REC: Interventional Cardiology (English Ed.) (Feb 2021)

Effects of the COVID-19 pandemic on the population over 75 years old with coronary artery disease. The EPIC SIERRA 75 registry

  • José M. de la Torre-Hernández,
  • Pilar Carrillo Sáez,
  • Jesús M. Jiménez Mazuecos,
  • Alejandro Gutiérrez Barrios,
  • Belén Cid Álvarez,
  • Armando Pérez de Prado

DOI
https://doi.org/10.24875/RECICE.M20000171
Journal volume & issue
Vol. 3, no. 1
pp. 71 – 72

Abstract

Read online

To the Editor, The negative impact of the SARS-CoV-2 pandemic on public health is due not only to the infection itself, but also to the effects of confinement and the negative impact of the population’s perceptions on the risks involved when visiting medical facilities for health reasons.
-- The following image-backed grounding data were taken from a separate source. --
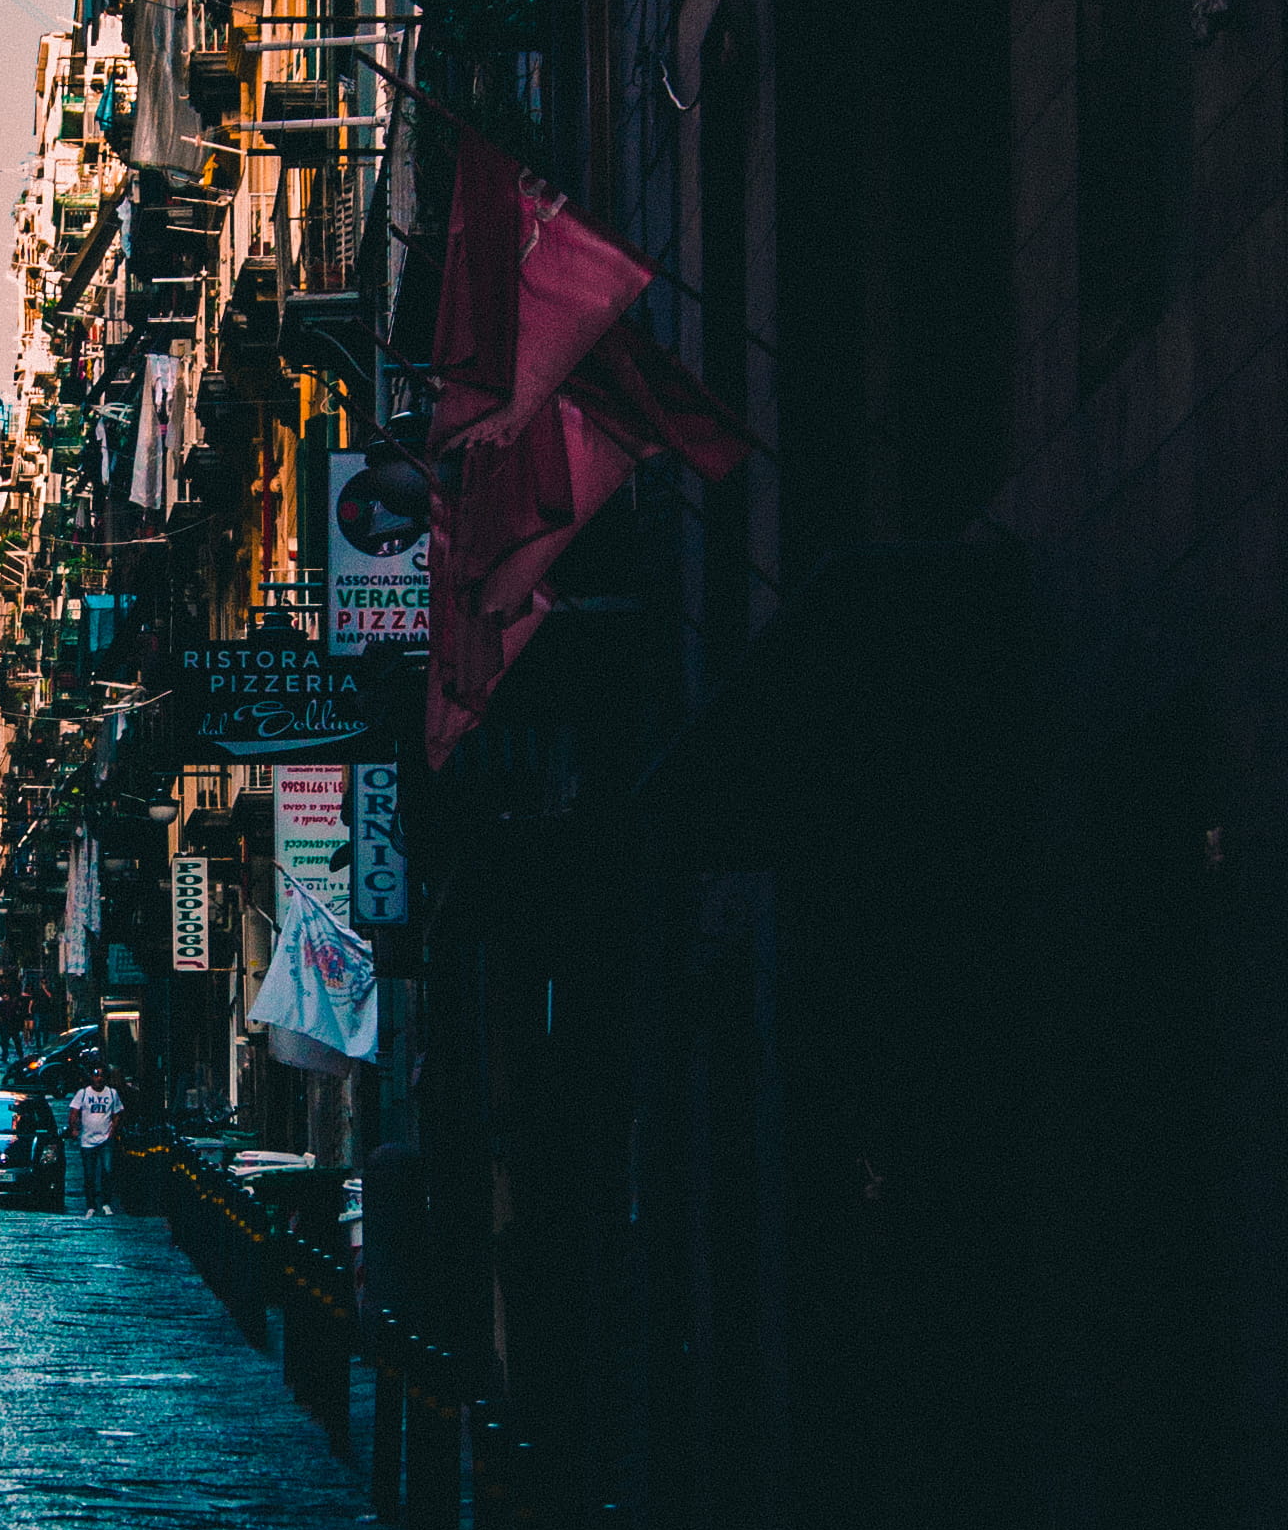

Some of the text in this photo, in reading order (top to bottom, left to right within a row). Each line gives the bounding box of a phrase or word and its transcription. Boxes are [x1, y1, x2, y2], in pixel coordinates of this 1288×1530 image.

[335, 574, 430, 587] ASSOCIAZIONE
[336, 588, 430, 608] VERACE
[337, 611, 430, 630] PIZZA
[336, 631, 430, 645] NAPOLETANA
[182, 650, 320, 669] RISTORA
[209, 674, 359, 694] PIZZERIA
[197, 712, 229, 736] dal
[362, 767, 399, 918] ORNICI
[292, 855, 331, 868] ranzi
[175, 862, 204, 958] PODOLOGO
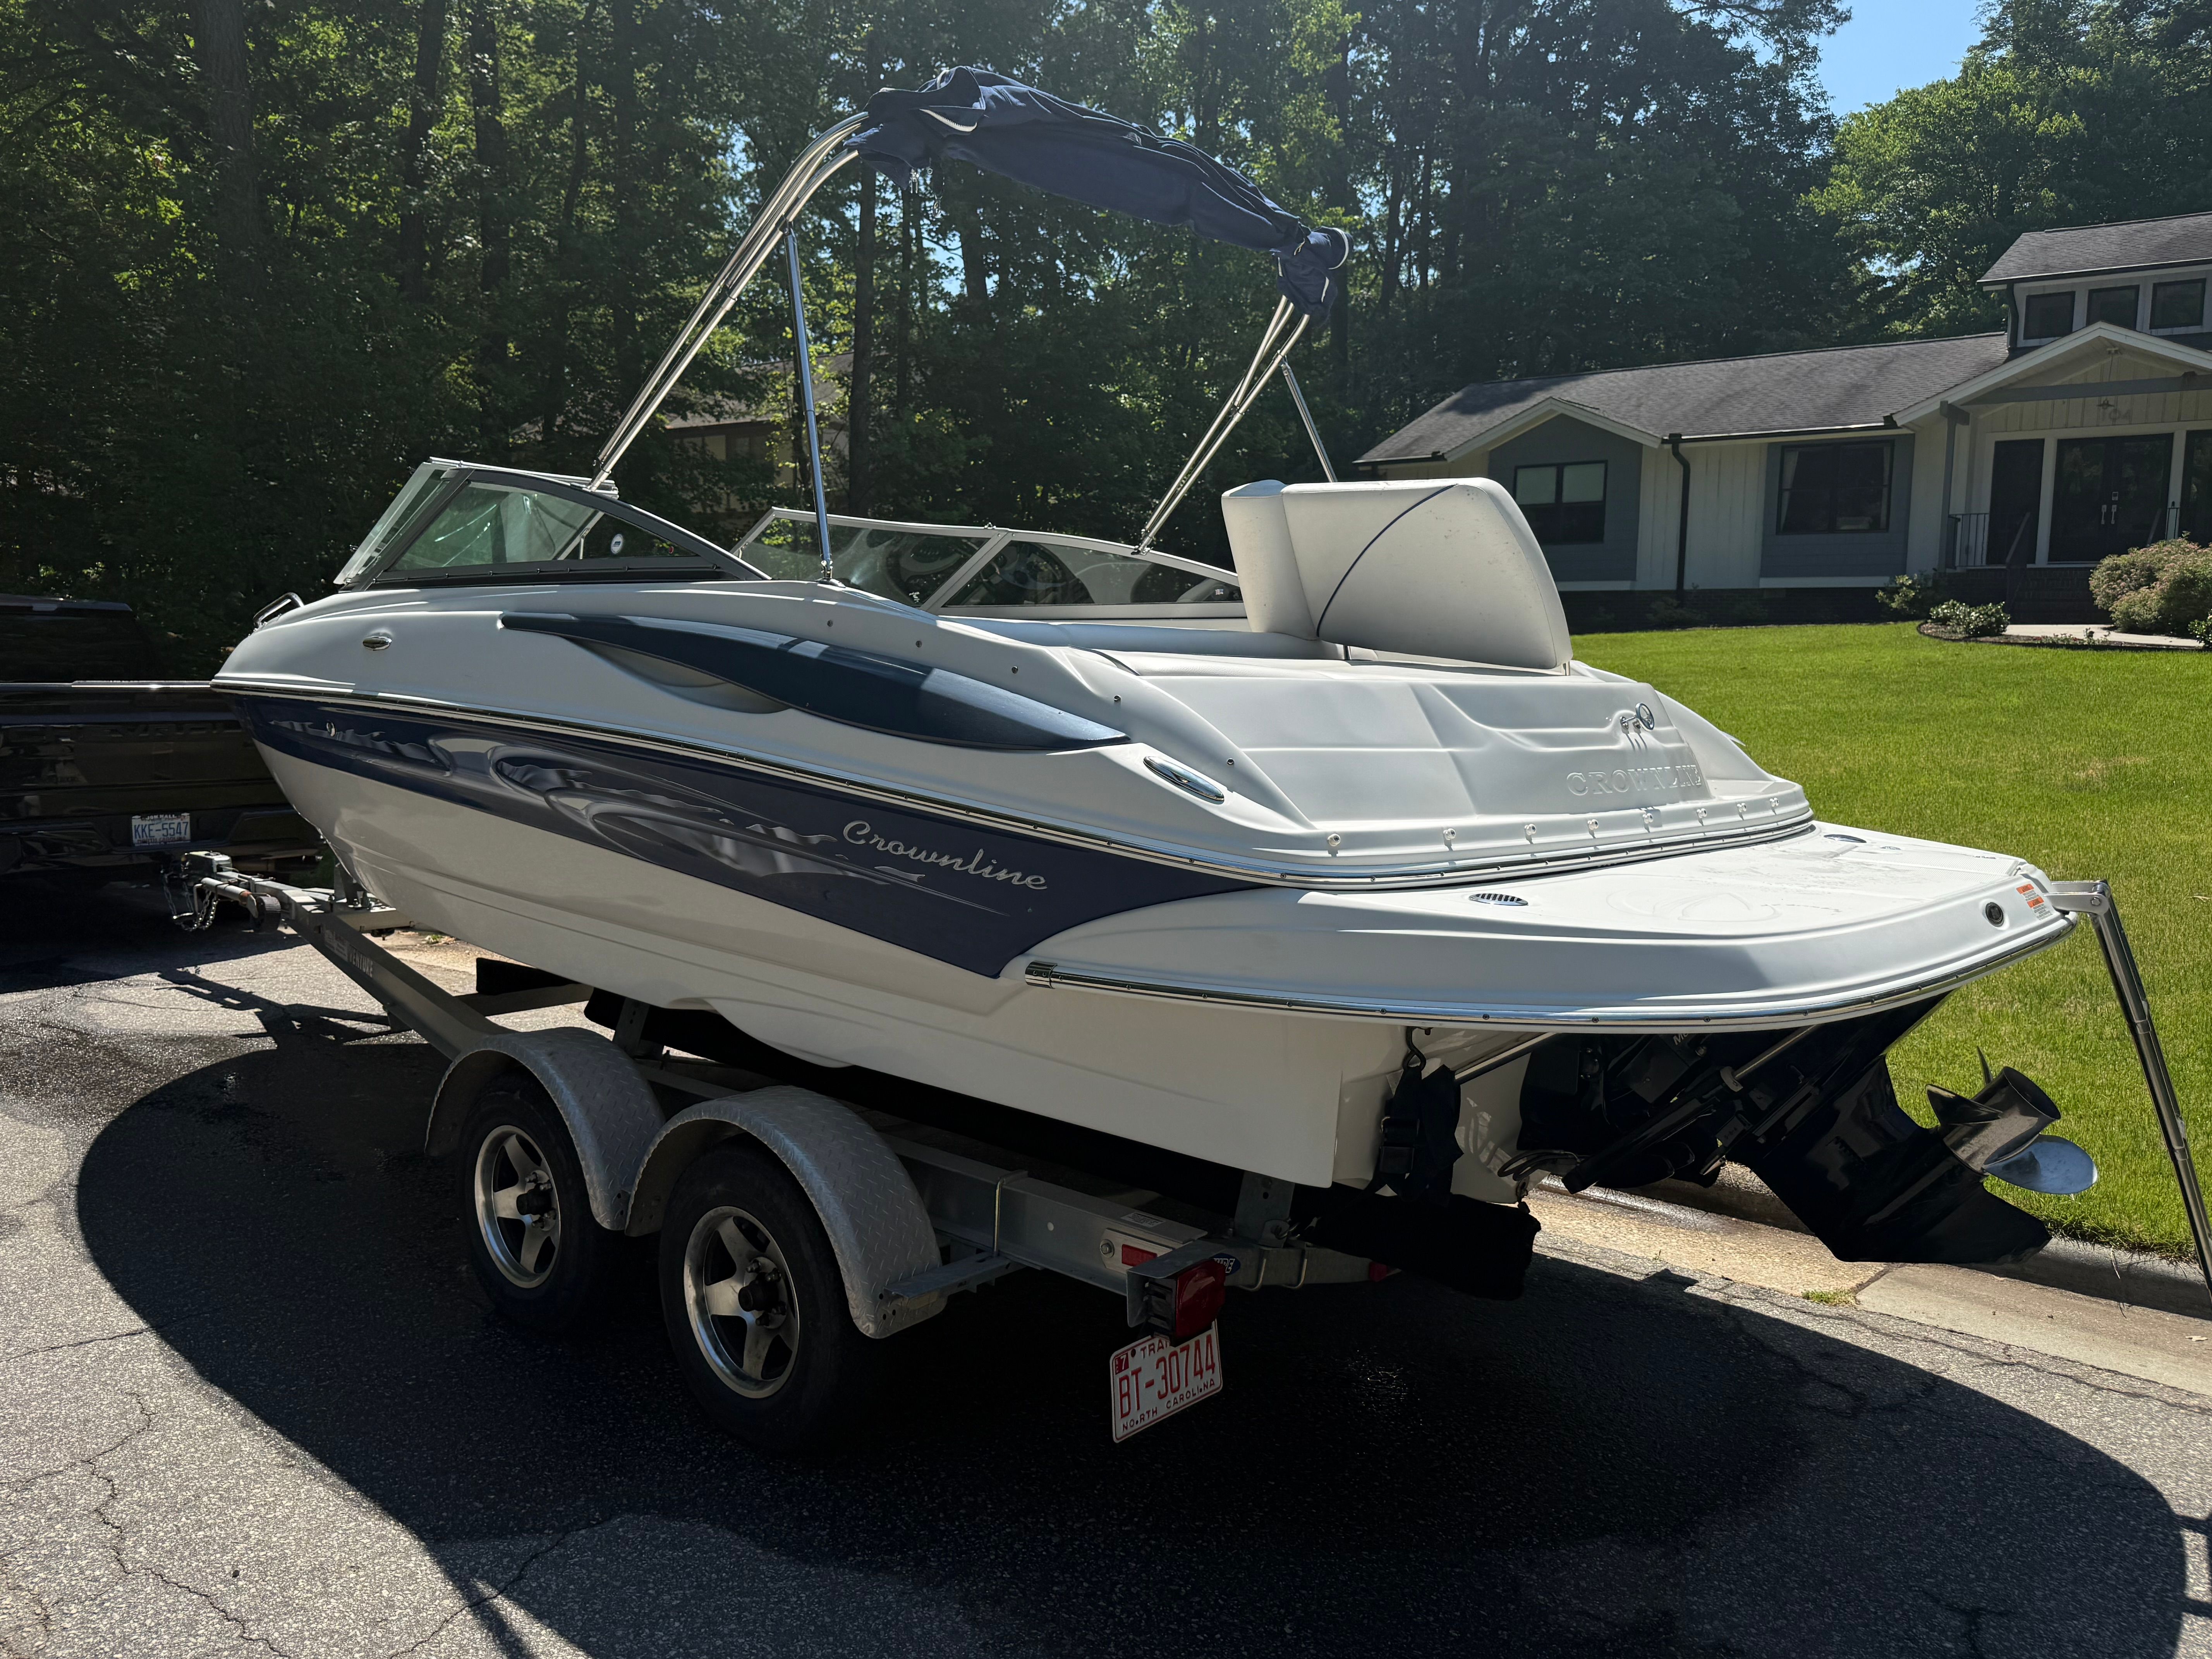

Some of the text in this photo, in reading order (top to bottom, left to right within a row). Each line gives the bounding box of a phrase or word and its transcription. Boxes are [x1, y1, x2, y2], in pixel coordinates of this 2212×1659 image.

[1566, 764, 1703, 796] CROWNLINE
[134, 821, 189, 839] KKE-5547
[843, 820, 1048, 890] Crownline
[1120, 1354, 1127, 1370] 7
[1140, 1338, 1168, 1358] TRAI
[1118, 1334, 1215, 1419] BT-30744
[1123, 1378, 1215, 1432] NORTH CAROLINA
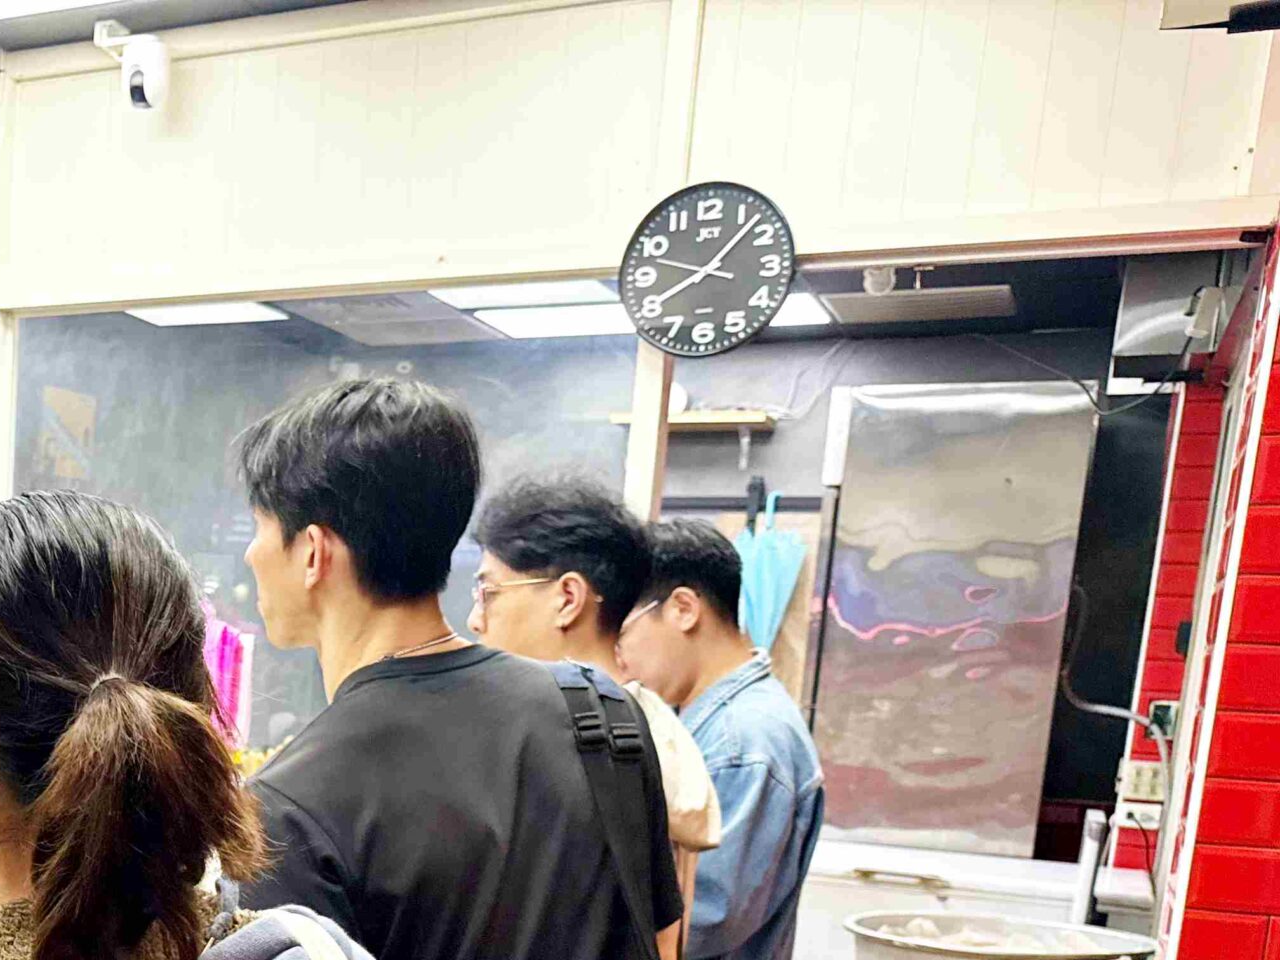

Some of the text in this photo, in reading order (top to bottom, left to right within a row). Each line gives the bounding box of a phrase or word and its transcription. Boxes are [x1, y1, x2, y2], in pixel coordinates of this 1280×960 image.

[696, 197, 723, 221] 12
[737, 203, 746, 225] 1
[668, 210, 688, 232] 11
[638, 234, 669, 257] 10
[752, 223, 775, 246] 2
[634, 265, 657, 288] 9
[758, 253, 781, 277] 3
[640, 294, 663, 318] 8
[747, 284, 771, 308] 4
[662, 314, 684, 338] 7
[691, 321, 715, 344] 6
[723, 310, 746, 333] 5
Proof of this are the repeated observations of an obvious reduction in the number of patients treated of myocardial infarctions during the pandemic.1,2 It is highly plausible that what we saw with ischemic heart disease happened with other conditions as well whether cardiovascular or not. It is well known that older populations and patients with vascular risk factors and/or cardiovascular disease have been the ones most severely affected by the pandemic.3 In this study we evaluated the impact of the pandemic on the population of patients over 75 years of age with known coronary artery disease. For this purpose, a subgroup of all the patients recruited in the ongoing prospective EPIC SIERRA 75 registry published at ClinicalTrials.gov (identifier: NCT03567733) were included in this study. The EPIC SIERRA 75 is a prospective registry that included patients over 75 years with percutaneous revascularization of de novo coronary artery lesions using a new-generation drug-eluting stent. Those with cardiogenic shock...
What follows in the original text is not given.